COLUMBUS (AP) — A 2006 Graham High School graduate, now an Ohio State University student, says he escaped serious injury by fending off the man who staged a car-and-knife attack at the campus on Monday.
Andy Payne said he had gone outside Monday morning because of a fire alarm and watched as fellow OSU student Abdul Razak Ali Artan jumped the curb in his car and struck pedestrians outside a classroom building.
The 27-year-old Payne said Artan attacked him with a knife as he approached the car to help the injured.
Payne said he stopped Artan from stabbing him and escaped by grabbing the knife with his left hand. He is recovering at his suburban Columbus home after undergoing surgery Monday to repair tendons and nerves in his left hand.
Artan was killed Monday by a university police officer after driving his car into the pedestrians and attacking people with a knife.
Most of the victims were hurt by the car, and two had been stabbed, officials said. One had a fractured skull.
An Ohio State medical official said Tuesday that three of the 11 people injured in the attack remain hospitalized and are expected to make complete recoveries. Dr. Andrew Thomas provided an update during a Tuesday afternoon news conference.
Classes for the 60,000 students at Ohio State, where Artan began taking classes this fall, were canceled after the attack but resumed Tuesday. The school planned a vigil for Tuesday night.
Engineering professor William Clark also spoke to reporters after being discharged Tuesday. Clark says he was struck by attacker Abdul Razak Ali Artan’s car, tossed in the air and landed on concrete. Clark says he had surgery for deep cuts in his right leg.
Clark says he and some of his students were outside a classroom building after a fire alarm sounded for a gas leak. Clark says he will withhold judgment about Artan until more facts are known about his motivations.
The attacker railed on Facebook against U.S. interference in Muslim lands and warned, “If you want us Muslims to stop carrying lone wolf attacks, then make peace” with the Islamic State group, a law enforcement official said Tuesday.
The posts from Abdul Razak Ali Artan’s account came to light after Monday’s violence.
“America! Stop interfering with other countries, especially the Muslim Ummah. We are not weak. We are not weak, remember that,” he wrote, using the Arabic term for the world’s Muslim community.
The posts were recounted by a law enforcement official who was briefed on the investigation but wasn’t authorized to discuss it publicly and spoke to The Associated Press on condition of anonymity.
“Every single Muslim who disapproves of my actions is a sleeper cell, waiting for a signal. I am warning you Oh America!” Artan also wrote.
Dozens of FBI agents began searching Artan’s apartment for clues to what set off the rampage.
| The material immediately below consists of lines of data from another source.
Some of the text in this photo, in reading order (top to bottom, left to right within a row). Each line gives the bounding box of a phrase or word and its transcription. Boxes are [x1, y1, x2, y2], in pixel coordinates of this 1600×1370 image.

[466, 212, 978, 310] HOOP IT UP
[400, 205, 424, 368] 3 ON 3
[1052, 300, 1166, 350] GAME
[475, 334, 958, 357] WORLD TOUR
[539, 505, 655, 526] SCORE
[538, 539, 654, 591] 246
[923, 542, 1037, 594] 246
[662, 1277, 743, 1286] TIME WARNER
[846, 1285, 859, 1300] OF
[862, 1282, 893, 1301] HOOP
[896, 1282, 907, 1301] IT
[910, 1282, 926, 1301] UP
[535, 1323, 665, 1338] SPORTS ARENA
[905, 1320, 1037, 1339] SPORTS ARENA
On Tuesday, a self-described Islamic State news agency called Artan “a soldier of the Islamic State” who “carried out the operation in response to calls to target citizens of international coalition countries.”
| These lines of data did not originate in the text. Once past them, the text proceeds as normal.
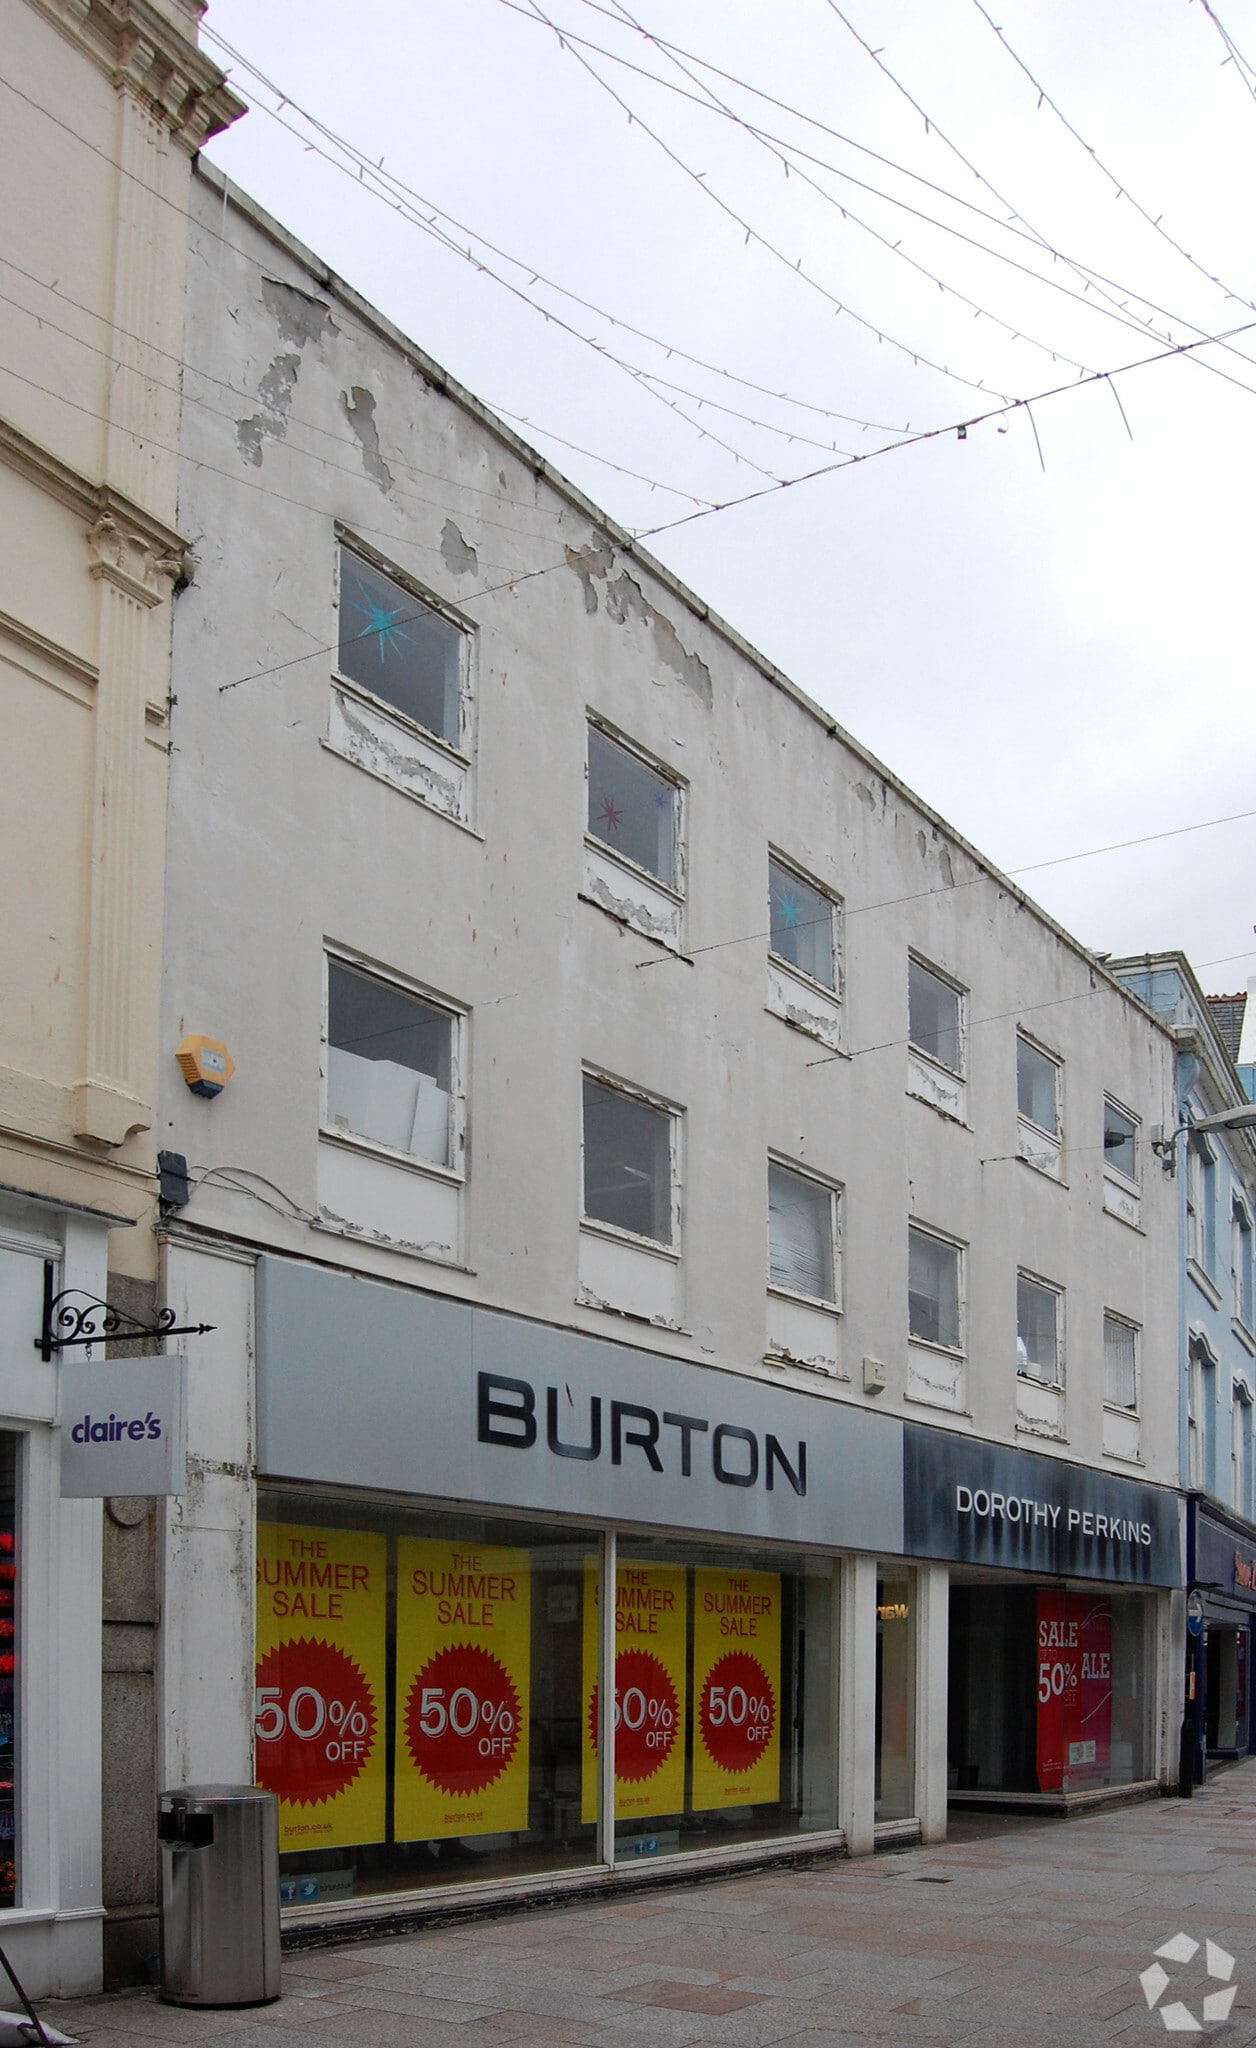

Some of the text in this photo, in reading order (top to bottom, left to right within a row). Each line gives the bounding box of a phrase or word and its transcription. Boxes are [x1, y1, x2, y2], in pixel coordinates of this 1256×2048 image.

[71, 1412, 161, 1443] claire's
[478, 1371, 807, 1496] BURTON
[956, 1485, 1151, 1545] DOROTHY PERKINS
[288, 1538, 328, 1558] THE
[452, 1553, 482, 1571] THE
[412, 1570, 516, 1600] SUMMER
[624, 1570, 648, 1585] THE
[728, 1579, 749, 1592] THE
[272, 1590, 343, 1618] SALE
[438, 1600, 494, 1626] SALE
[703, 1592, 771, 1616] SUMMER
[615, 1612, 657, 1633] SALE
[720, 1617, 757, 1636] SALE
[1039, 1620, 1078, 1647] SALE
[1038, 1663, 1077, 1703] 50%
[255, 1686, 368, 1742] 50%
[420, 1687, 514, 1738] 50%
[709, 1686, 770, 1727] 50%
[646, 1731, 671, 1747] OFF
[747, 1726, 768, 1741] OFF
[325, 1741, 365, 1761] OFF
[478, 1738, 511, 1756] OFF
The Islamic State has previously described other attackers around the world as its “soldiers” without specifically claiming to have orchestrated the acts of violence.
Artan was born in Somalia and was a legal permanent U.S. resident, according to a U.S. official who was not authorized to discuss the case and spoke on condition of anonymity.
A law enforcement official said Artan came to the United States in 2014 as the child of a refugee. He had been living in Pakistan from 2007 to 2014. It is not uncommon for refugees to go to a third-party country before being permanently resettled.
Upon arriving in the U.S., Artan was referred for a secondary Customs and Border Protection inspection, but nothing abnormal was found, according to a U.S. official who was briefed on the investigation but was not authorized to discuss it and spoke on condition of anonymity. A secondary inspection is often routine and based on someone’s travel history and length of stay in certain countries.
Artan started college that fall and graduated with honors from Columbus State Community College last May, earning an associate of arts degree. A video of his graduation ceremony shows him jumping and spinning on stage and smiling broadly, drawing laughs, cheers and smiles from graduates and faculty members.
An official at Catholic Charities of Dallas says the organization briefly offered aid to Abdul Razak Ali Artan and his family when they first moved to the United States in 2014.
CEO Dave Woodyard told KXAS that Artan arrived in Dallas with his mother and six siblings on June 5, 2014. Woodyard said the Somali family arrived at Dallas-Fort Worth International Airport from Pakistan through Kennedy Airport.
He said the organization gave the family shelter and aid as part of the government resettlement program. He said the group’s records show the family received shelter for 23 days before leaving for Ohio.